*Given records*:

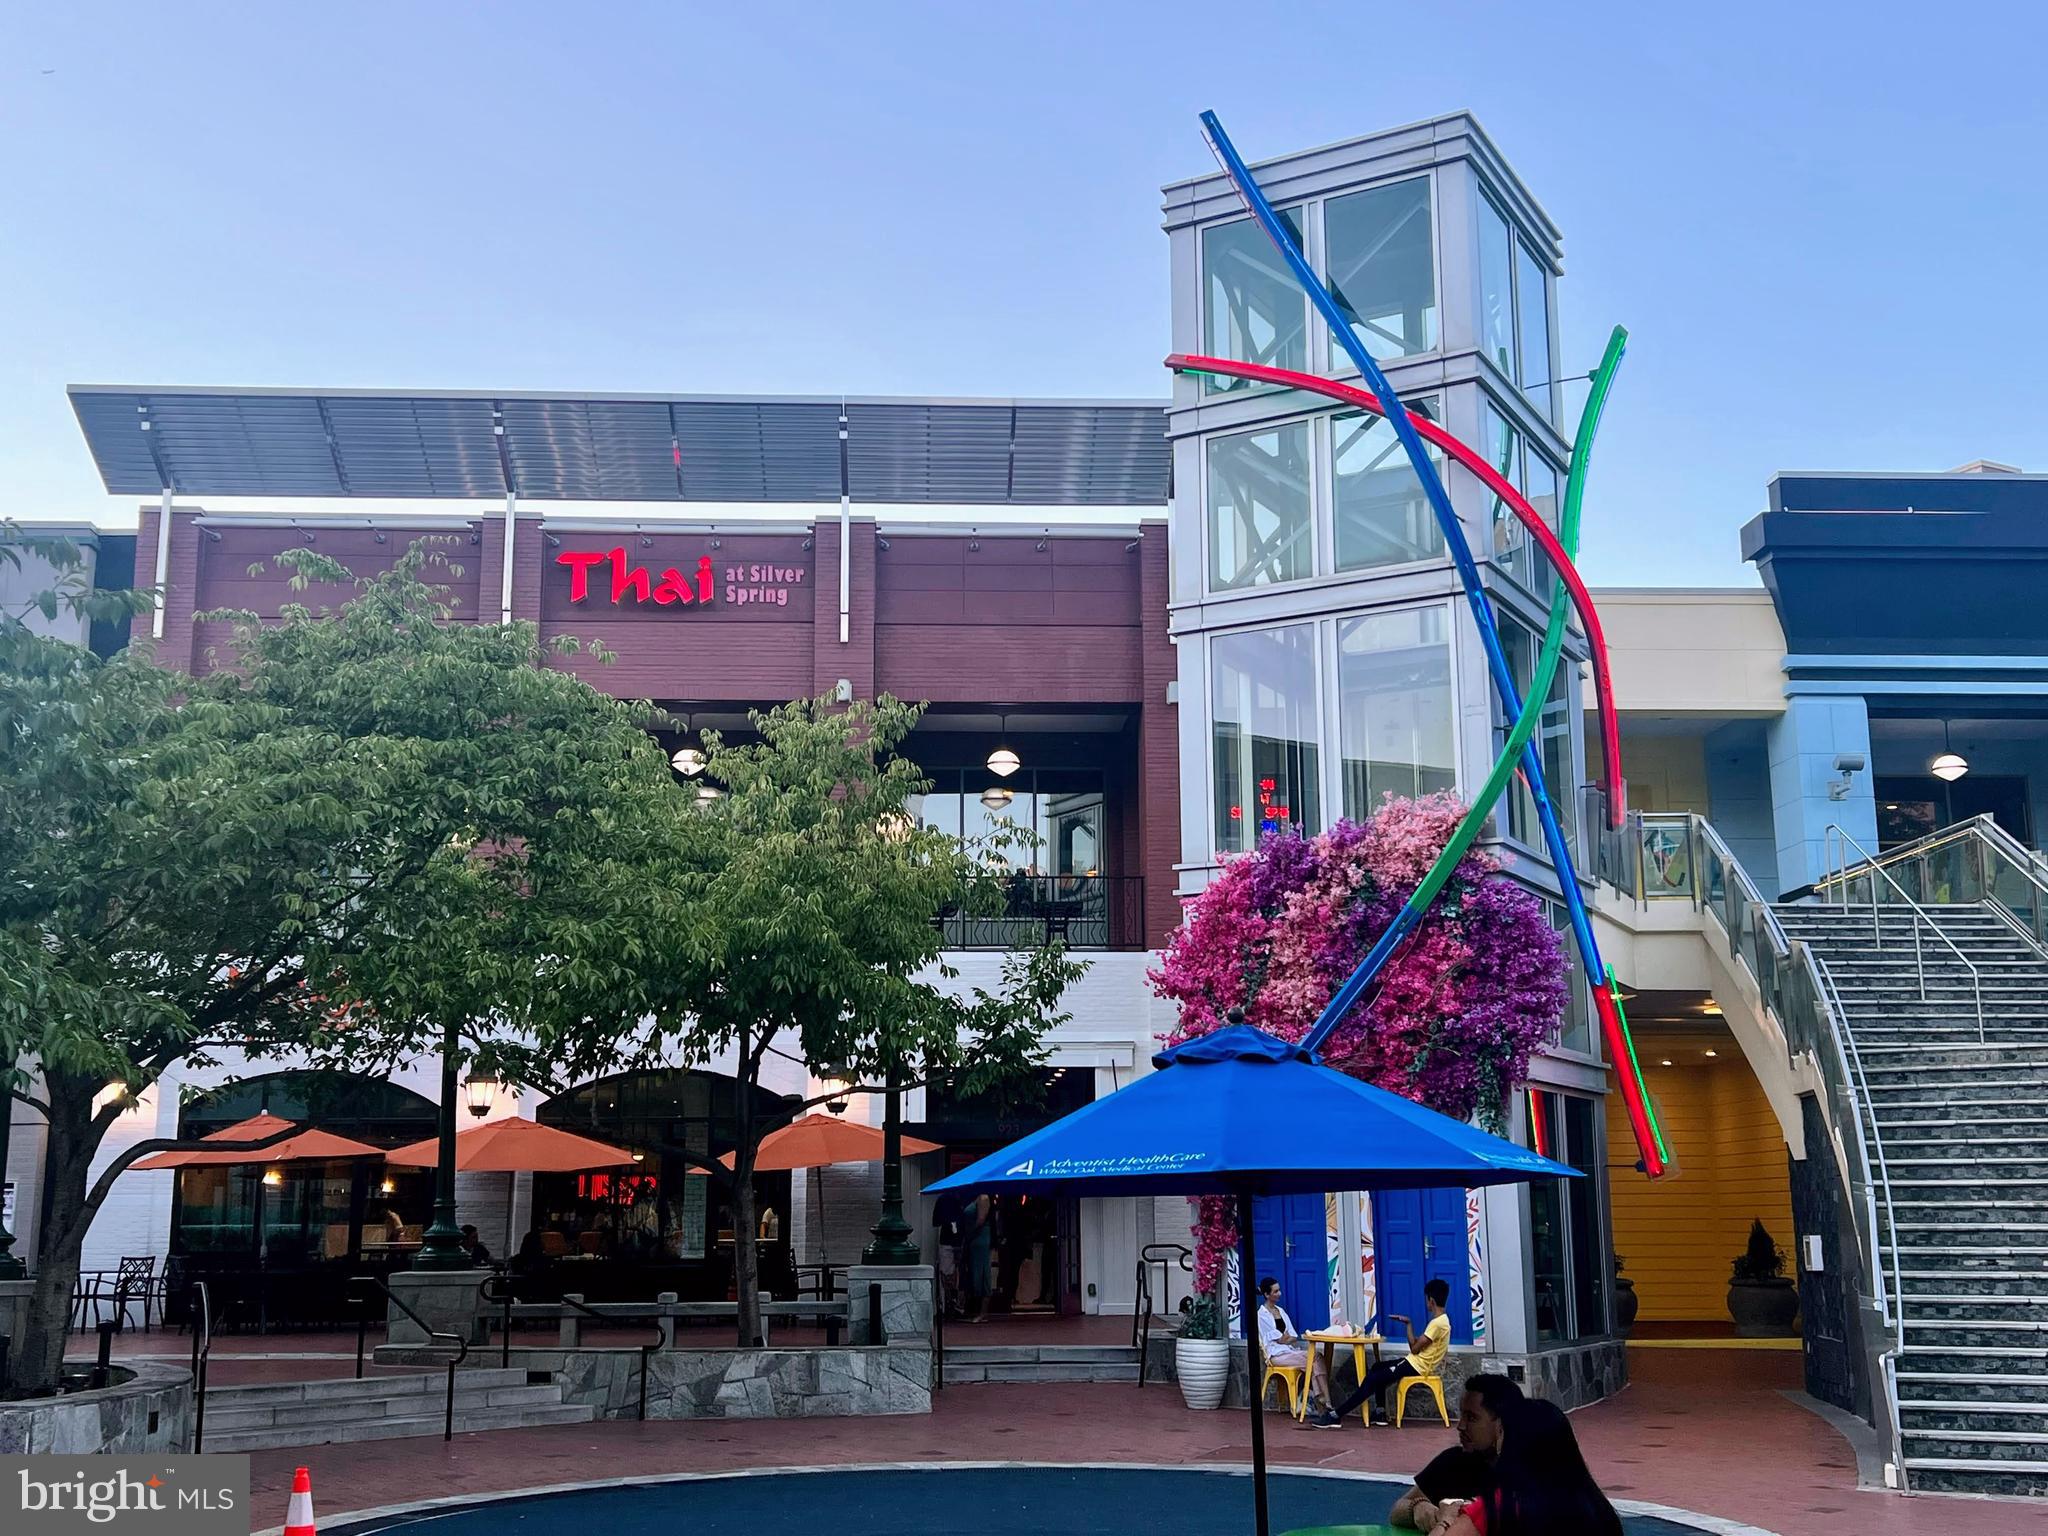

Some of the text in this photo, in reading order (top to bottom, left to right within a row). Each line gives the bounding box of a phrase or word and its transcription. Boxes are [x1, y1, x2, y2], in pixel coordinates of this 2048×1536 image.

[555, 547, 714, 607] Thai
[726, 565, 804, 583] at Silver
[726, 585, 788, 605] Spring
[1039, 1167, 1071, 1175] White
[1147, 1163, 1185, 1171] Center
[1044, 1152, 1206, 1168] Adventist HealthCare
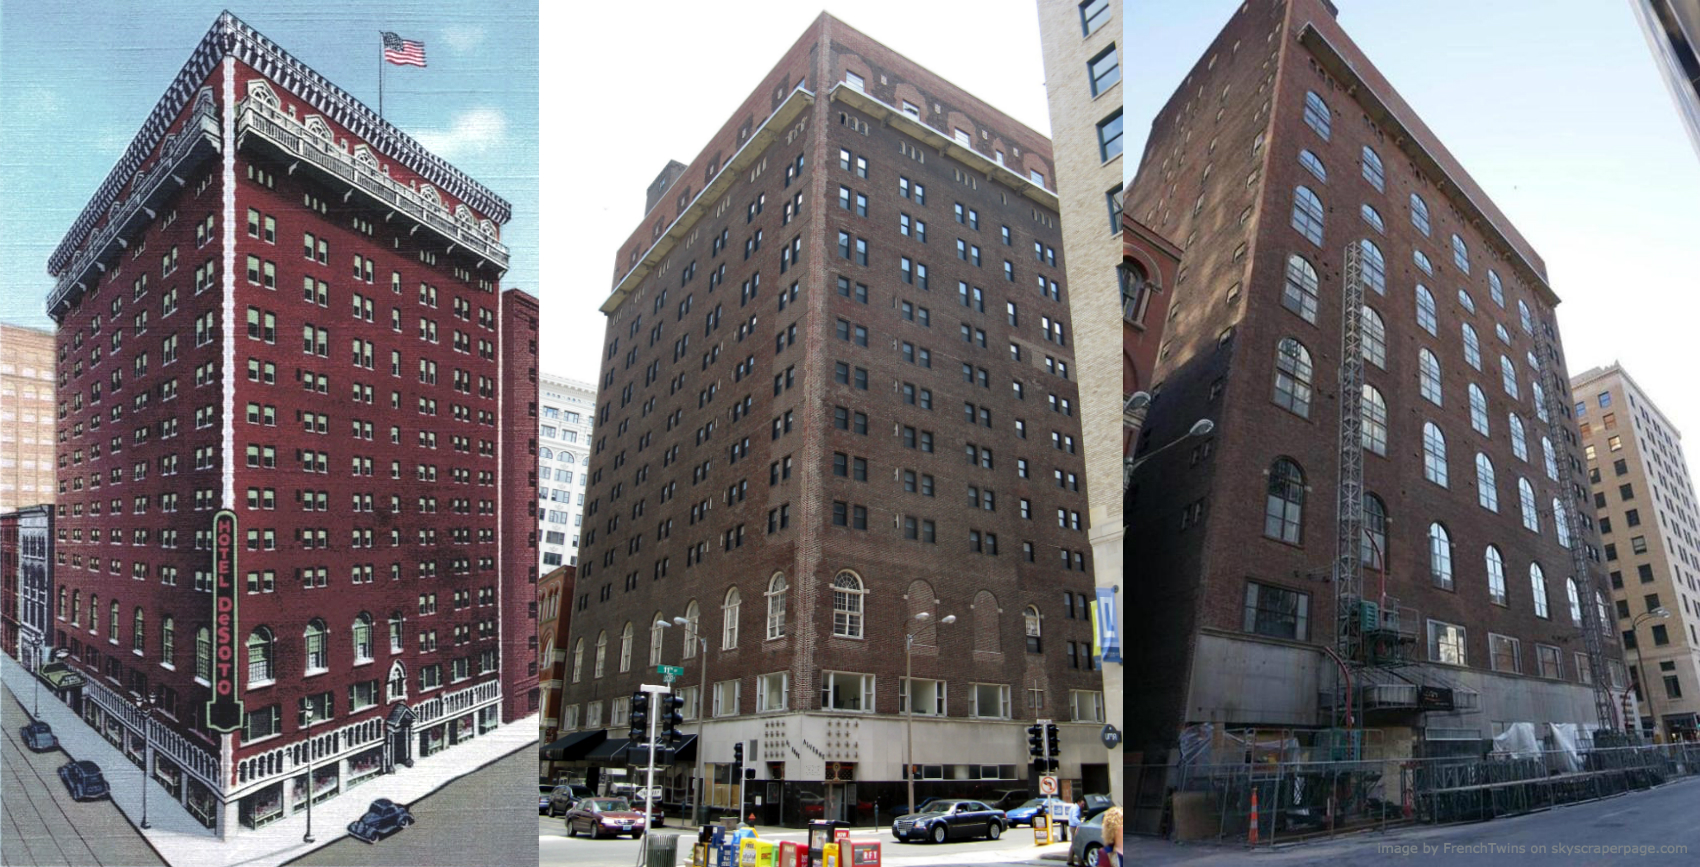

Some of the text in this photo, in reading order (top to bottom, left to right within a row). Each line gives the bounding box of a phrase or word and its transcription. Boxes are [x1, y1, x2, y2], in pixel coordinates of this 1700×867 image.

[217, 520, 233, 695] HOTEL DeSOTO
[863, 850, 878, 860] RFT
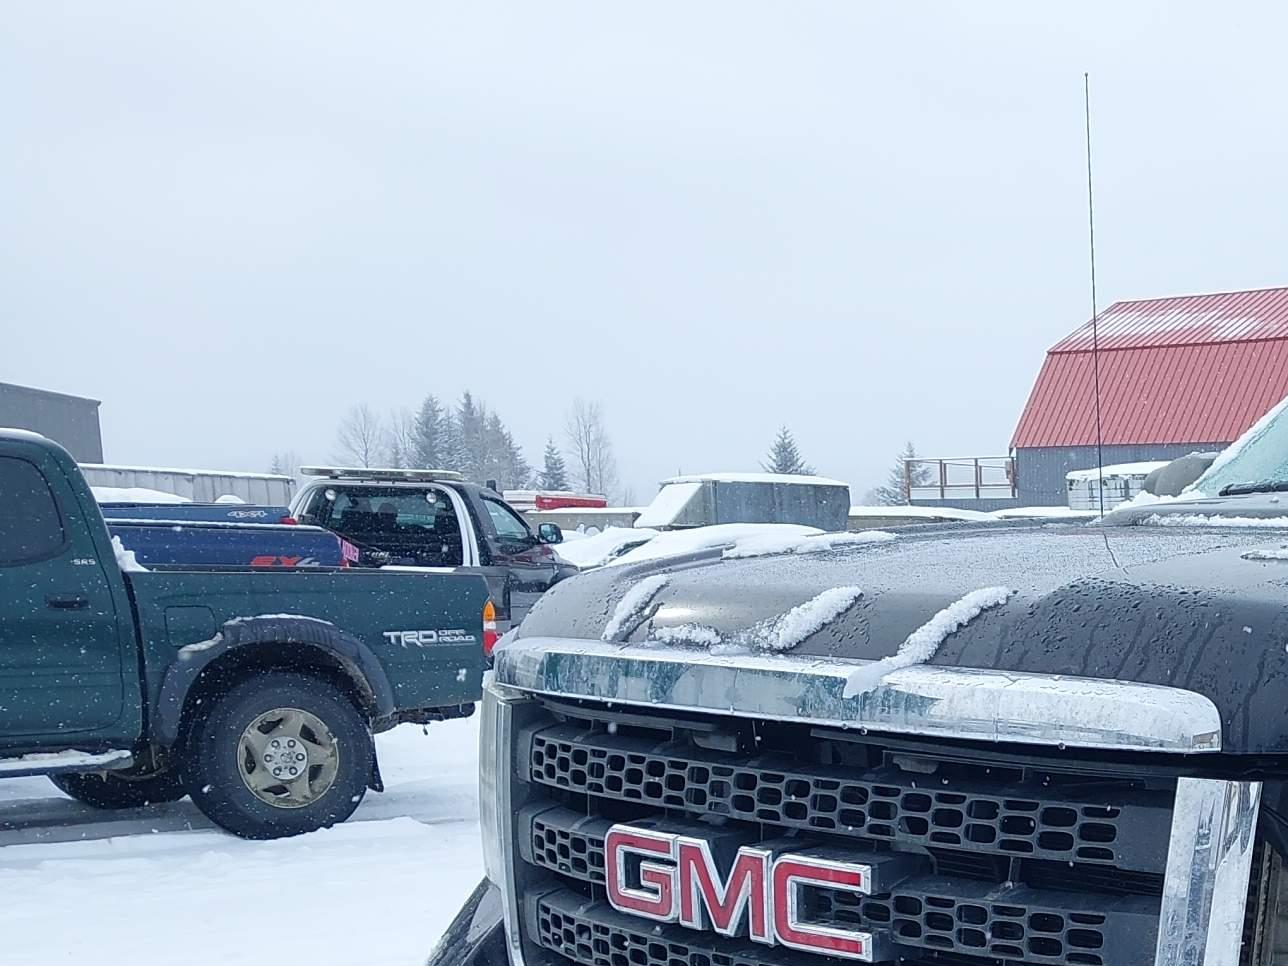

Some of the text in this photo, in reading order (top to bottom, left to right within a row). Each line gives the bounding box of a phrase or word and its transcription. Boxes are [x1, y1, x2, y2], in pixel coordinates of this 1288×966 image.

[382, 630, 437, 648] TRD
[438, 635, 476, 643] ROAD
[604, 823, 873, 962] GMC

*What the task asks*:
What is needed is an exact repeat of every entry above, with the pictures left out.

*Result*:
Some of the text in this photo, in reading order (top to bottom, left to right within a row). Each line gives the bounding box of a phrase or word and its transcription. Boxes are [x1, y1, x2, y2], in pixel coordinates of this 2048×1536 image.

[555, 547, 714, 607] Thai
[726, 565, 804, 583] at Silver
[726, 585, 788, 605] Spring
[1039, 1167, 1071, 1175] White
[1147, 1163, 1185, 1171] Center
[1044, 1152, 1206, 1168] Adventist HealthCare

Some of the text in this photo, in reading order (top to bottom, left to right within a row). Each line gives the bounding box of a phrase or word and its transcription. Boxes are [x1, y1, x2, y2], in pixel coordinates of this 1700×867 image.

[217, 520, 233, 695] HOTEL DeSOTO
[863, 850, 878, 860] RFT

Some of the text in this photo, in reading order (top to bottom, left to right within a row). Each line gives the bounding box of a phrase or word and its transcription. Boxes are [x1, y1, x2, y2], in pixel coordinates of this 1288×966 image.

[382, 630, 437, 648] TRD
[438, 635, 476, 643] ROAD
[604, 823, 873, 962] GMC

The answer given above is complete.